9

—Bueno, al menos nadie ocupó mi cuerpo —indicó Bonnie—. Pero de todos modos estoy harta de ser médium; estoy harta de todo ello. Ésta será la última vez; categóricamente, la última.

—De acuerdo —dijo Elena, apartándose del espejo—, hablemos sobre alguna otra cosa. ¿Descubristeis algo hoy?

—Hablé con Alaric, y va a celebrar otra reunión la semana próxima —respondió Bonnie—. Nos preguntó a Caroline, a Vickie y a mí si queríamos ser hipnotizadas para que eso nos ayudara a lidiar con lo que ha estado sucediendo. Pero estoy segura de que no es el Otro Poder, Elena. Es demasiado amable.

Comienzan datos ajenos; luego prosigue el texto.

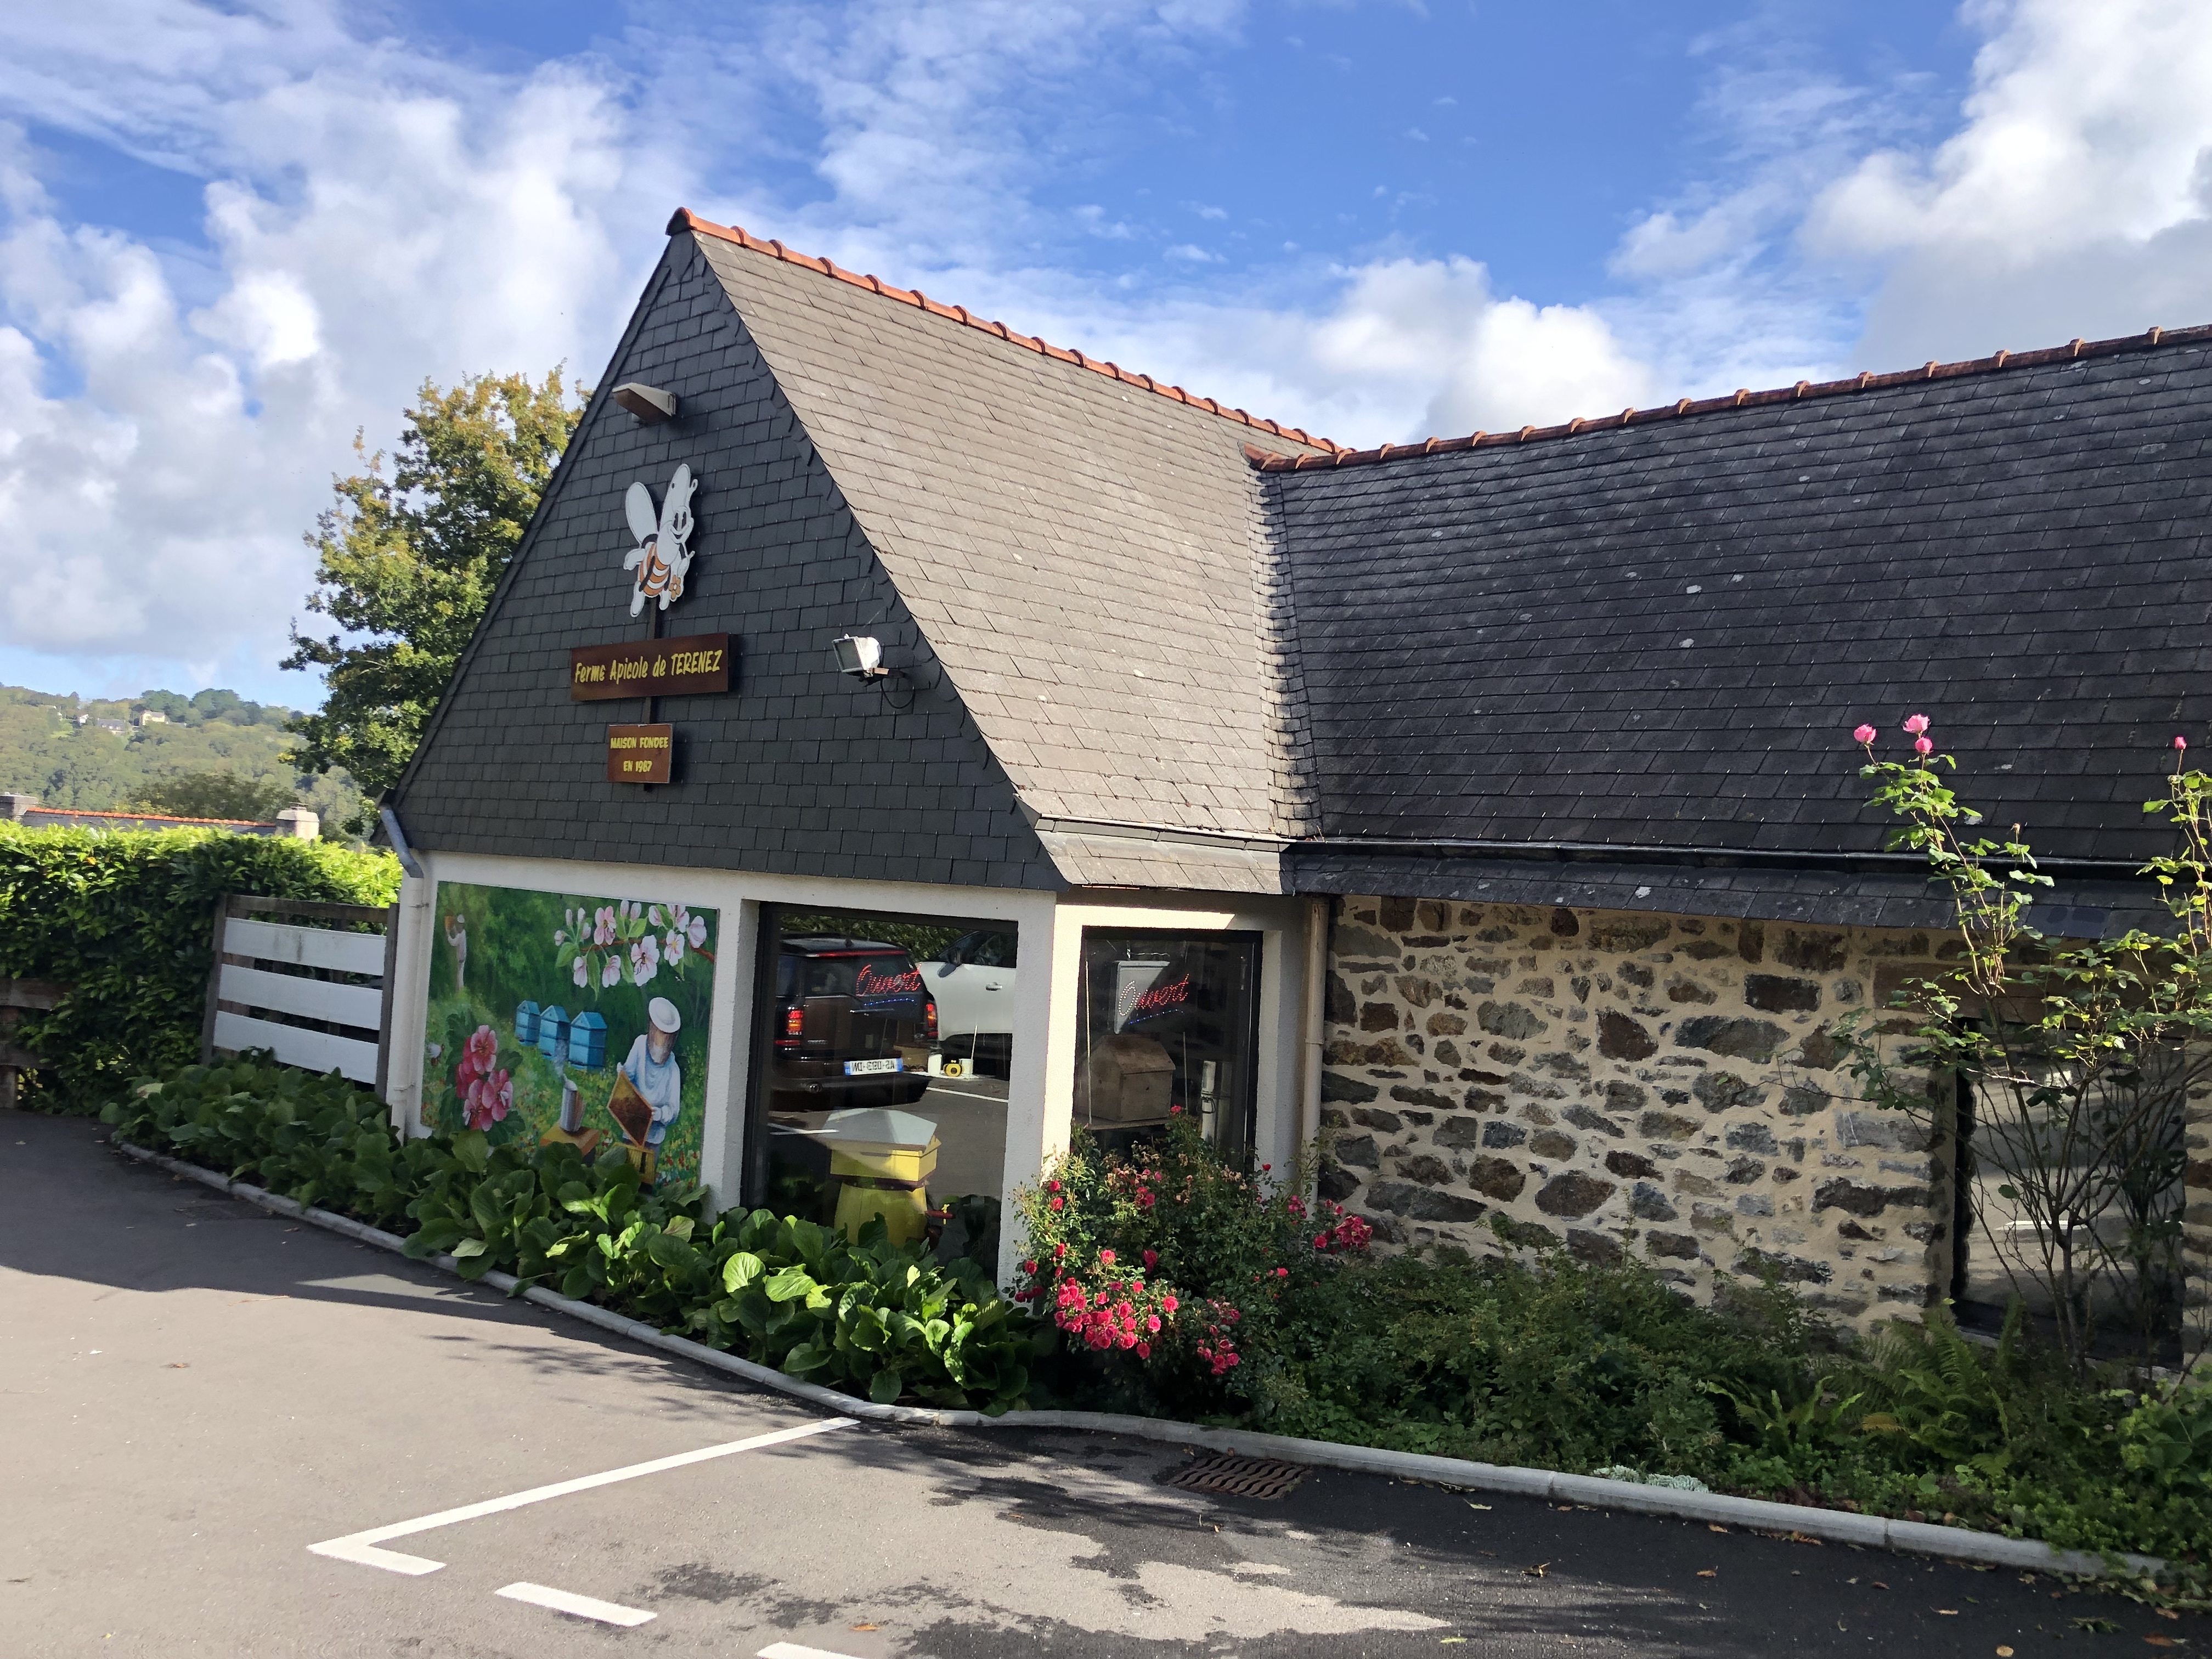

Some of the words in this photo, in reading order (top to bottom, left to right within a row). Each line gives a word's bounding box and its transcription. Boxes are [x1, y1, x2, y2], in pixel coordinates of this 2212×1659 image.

[575, 663, 606, 683] Ferme
[610, 656, 648, 685] Apicole
[652, 654, 667, 677] de
[671, 649, 723, 675] TERENEZ
[610, 737, 637, 749] MAISON
[640, 736, 669, 748] FONDEE
[623, 760, 633, 771] EN
[635, 760, 652, 772] 1987
[856, 963, 922, 996] Ouvert
[1118, 973, 1189, 1016] Ouvert
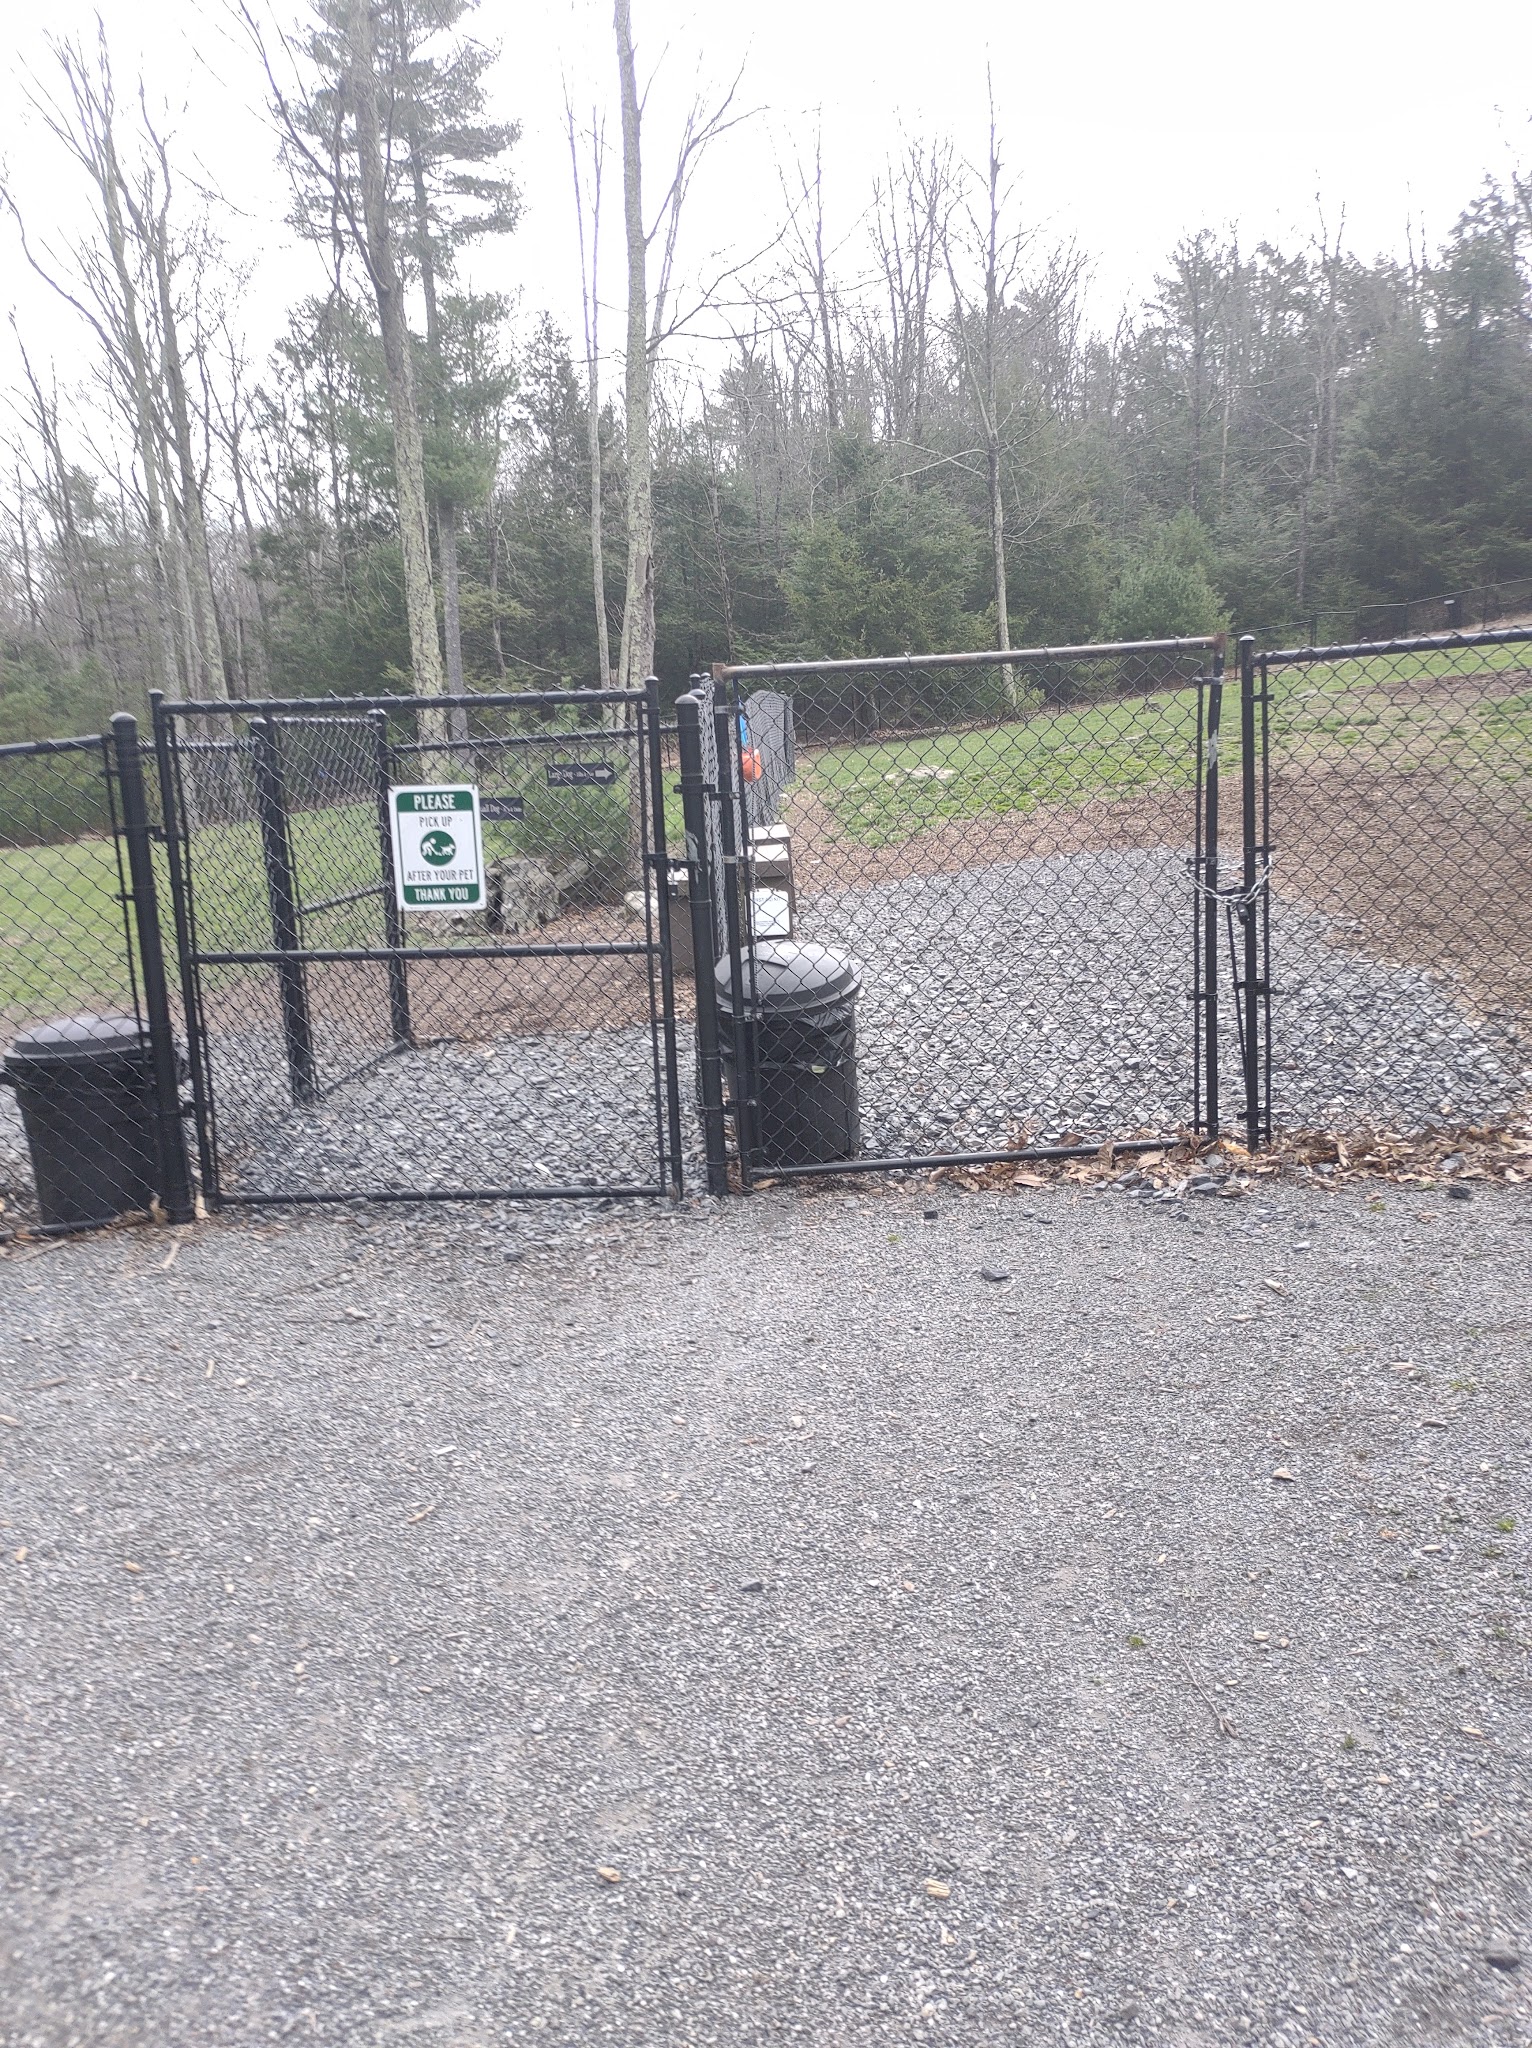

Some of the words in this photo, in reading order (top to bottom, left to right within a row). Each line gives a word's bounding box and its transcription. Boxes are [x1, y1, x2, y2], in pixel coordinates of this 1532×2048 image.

[414, 794, 456, 810] PLEASE
[419, 816, 439, 828] PICK
[441, 816, 453, 827] UP
[407, 870, 432, 882] AFTER
[435, 870, 458, 881] YOUR
[460, 869, 473, 880] PET
[414, 888, 446, 901] THANK
[448, 887, 469, 900] YOU

Elena asintió. A ella misma le habían acometido dudas sobre sus sospechas de Alaric. No porque fuera amable, sino porque ella había pasado cuatro días en su desván dormida. ¿Realmente le habría permitido el Otro Poder que se quedara allí sin hacerle nada? Desde luego, Damon había dicho que había influenciado a Alaric para que olvidara que ella estaba allí arriba, pero ¿habría sucumbido el Otro Poder a la influencia de Damon? ¿No era demasiado fuerte para eso?

A menos que sus poderes se hubiesen agotado temporalmente, se dijo de improviso. Igual que los de Stefan se agotaban en aquellos momentos. O a menos que simplemente fingiera que le influenciaban.

—Bueno, no le tacharemos de la lista por el momento —le dijo—. Debemos tener cuidado. ¿Qué hay de la señora Flowers? ¿Averiguasteis algo sobre ella?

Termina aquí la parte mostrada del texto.